I do not think that generator chain is a problem.  The generators will
do what you write them to do.  If they are implemented to do minimum
necessary, they will do minimum necessary.  If they are implemented to
do unnecessary stuff, they will be doing unnecessary stuff.

You probably mean, that generators are impossible to inline, while
transducers are possible to inline?

But in your article, you said you did not see if your transducers were
inlined.  It seems that you do not like to work with assumptions about
generators but are happy to work with assumptions about your
transducers.

Maybe the problem you write are specific to srfi-158 generators?

It is in fact possible to optimize generators.  See for example
https://raw.githubusercontent.com/tokenrove/series/master/s-doc.txt
Not sure if anybody attempted something similar in Scheme.

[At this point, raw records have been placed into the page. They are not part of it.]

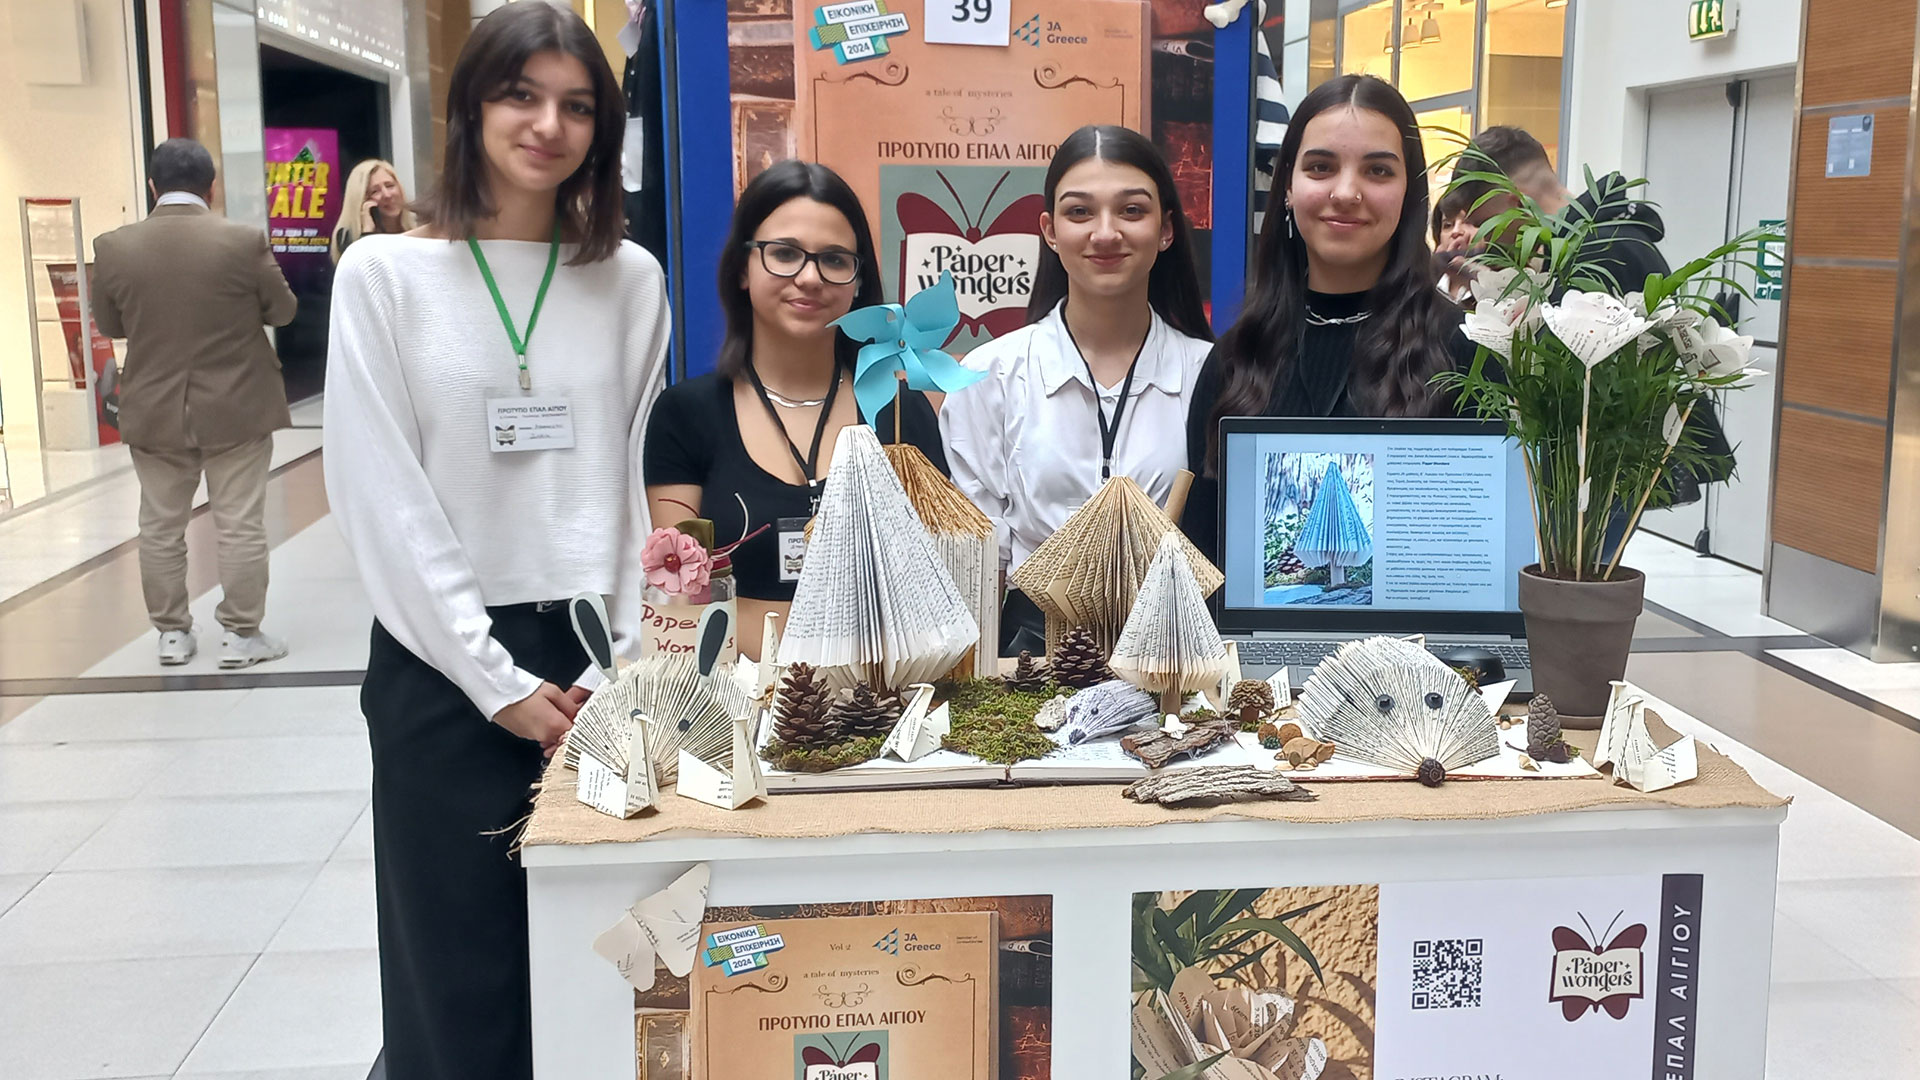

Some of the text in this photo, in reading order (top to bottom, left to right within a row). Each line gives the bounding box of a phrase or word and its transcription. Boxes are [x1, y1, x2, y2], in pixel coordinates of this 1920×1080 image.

[827, 4, 876, 20] ΕΙΚΟΝΙΚΗ
[952, 0, 992, 23] 39
[848, 18, 905, 36] ΕΠΙΧΕΙΡΗΣΗ
[1046, 21, 1062, 32] JA
[1046, 34, 1088, 44] Greece
[846, 43, 871, 55] 2024
[933, 88, 951, 97] tale
[953, 88, 963, 97] of
[967, 88, 1013, 99] mysteries
[878, 141, 1062, 160] ΠΡΟΤΥΠΟ ΕΠΑΛ ΑΙΓΙΟ
[266, 186, 328, 219] ALE
[930, 245, 1014, 275] Paper
[641, 604, 701, 633] Pape
[716, 929, 757, 944] ΕΙΚΟΝΙΚΗ
[904, 933, 918, 941] JA
[734, 937, 781, 954] ΕΠΙΧΕΙΡΗΣΗ
[904, 943, 941, 952] Greece
[732, 958, 753, 969] 2024
[1571, 957, 1623, 975] Paper
[810, 971, 826, 979] tale
[840, 970, 880, 979] mysteries
[1562, 971, 1632, 992] wonders
[1665, 904, 1691, 1080] ΕΠΑΛ ΑΙΓΙΟΥ
[759, 1010, 927, 1031] ΠΡΟΤΥΠΟ ΕΠΑΛ ΑΙΓΙΟΥ
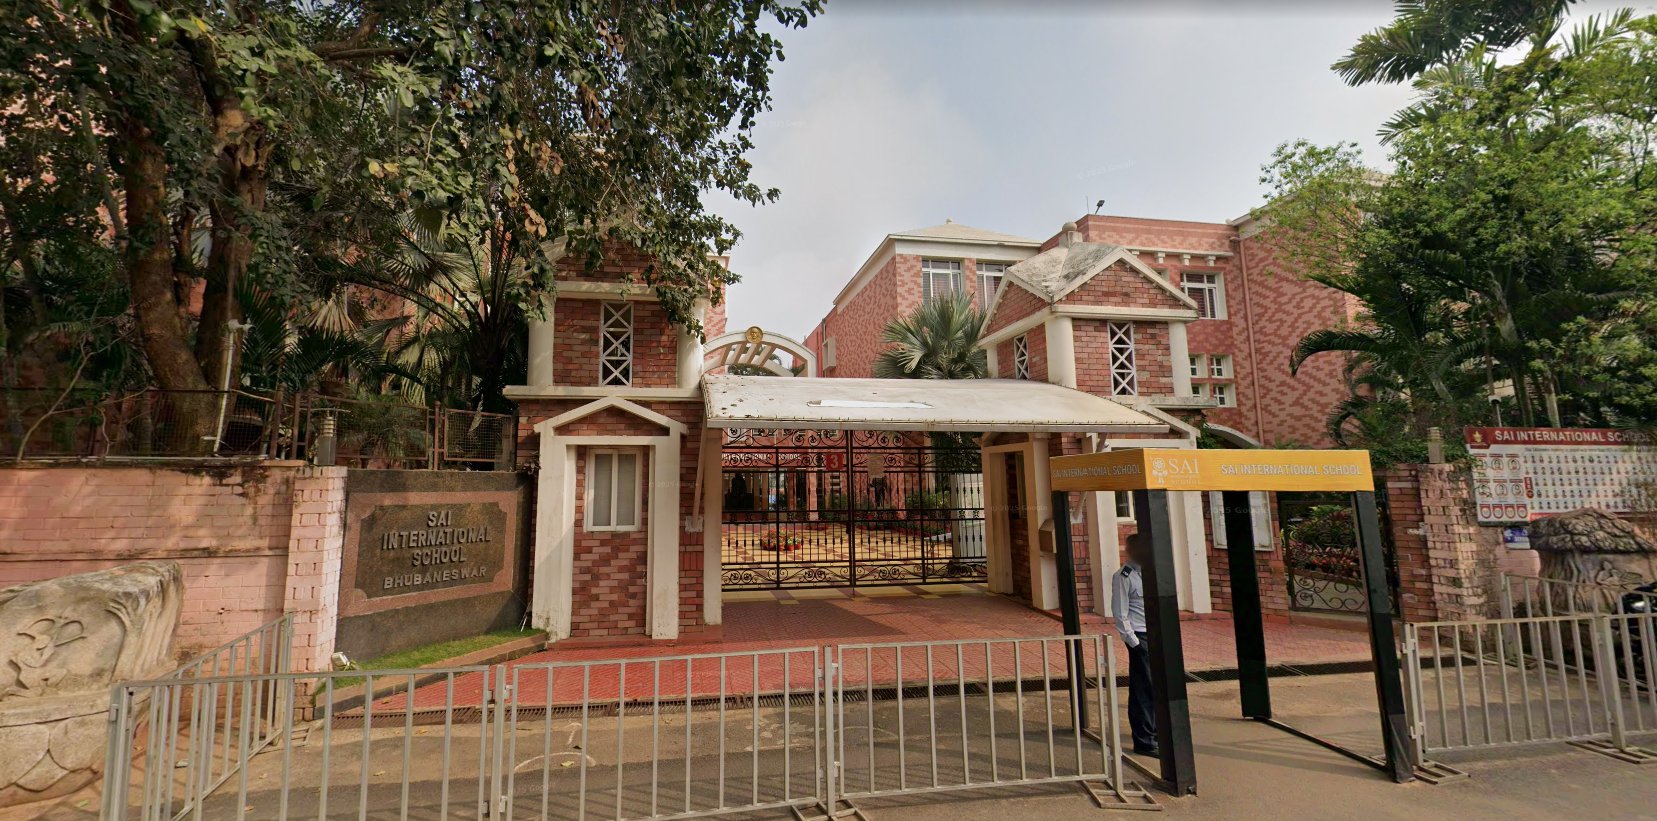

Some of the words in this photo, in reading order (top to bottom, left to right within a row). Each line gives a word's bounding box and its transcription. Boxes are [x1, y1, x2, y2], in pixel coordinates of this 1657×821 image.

[1495, 430, 1514, 441] SAI
[1517, 431, 1606, 441] INTERNATIONAL
[1607, 431, 1651, 442] SCHOOL
[830, 455, 839, 468] 3
[1167, 458, 1200, 474] SAI
[1221, 464, 1238, 475] SAI
[1240, 464, 1320, 475] INTERNATIONAL
[1322, 464, 1362, 475] SCHOOL
[1063, 466, 1112, 477] INTERNATIONAL
[1113, 464, 1141, 475] SCHOOL
[427, 510, 451, 527] SAI
[382, 526, 491, 549] INTERNATIONAL
[412, 547, 467, 567] SCHOOL
[384, 566, 486, 588] BHUBANESWAR

In general, I prefer when libraries expose pull APIs which are much
easier to work with because they do not steal control from me.
Transducers have serious drawbacks here.  They take over control, they
are impossible to suspend and resume, they might be theoretically able
to optimize trivial cases, but are scheme compilers sufficiently smart?
How does one control what to inline and what not to inline?
Does not transducer optimisation fall apart with non-trivial cases?
What about dealing with multiple inputs?

I would like to understand what are the use-case limits for transducers.
Can transducers compose with other stuff?  How complex will the
resulting code be?  Filter out odd items and add 1 is not interesting
use-case.  Are there more interesting use-cases for transducers?

Something more interesting would be e.g. how would base64-decode with
transducer look like (it is non-trivial in the sense that there is no 1
to 1 input to output correspondence)?  How would a PEM certificate
decoding look like (where pre and post-amble is stuck around base64
encoded data)?  How would key extraction from such a PEM certificate
look like using transducers?  How would key extraction from such a PEM
certificate stored in a zip file look like using transducers?

Another example: how would aes-gcm implementation using transducers look
like?  Would it be possible to replace looping using transducers?  Would
it be maybe possible to "hide" the processing in chunks?  Would the
assumed optimisations still apply?  Would the resulting code be nicer?

Some time ago I stumbled on an interesting article that discussed pull
vs push https://justinjaffray.com/query-engines-push-vs.-pull/ It seems
to offer some good points why transducers might be good idea for certain
use-cases, although it is not clear to me if transducers are a good fit
for multiple outputs.

Do you have an experience with or oppinion on these issues?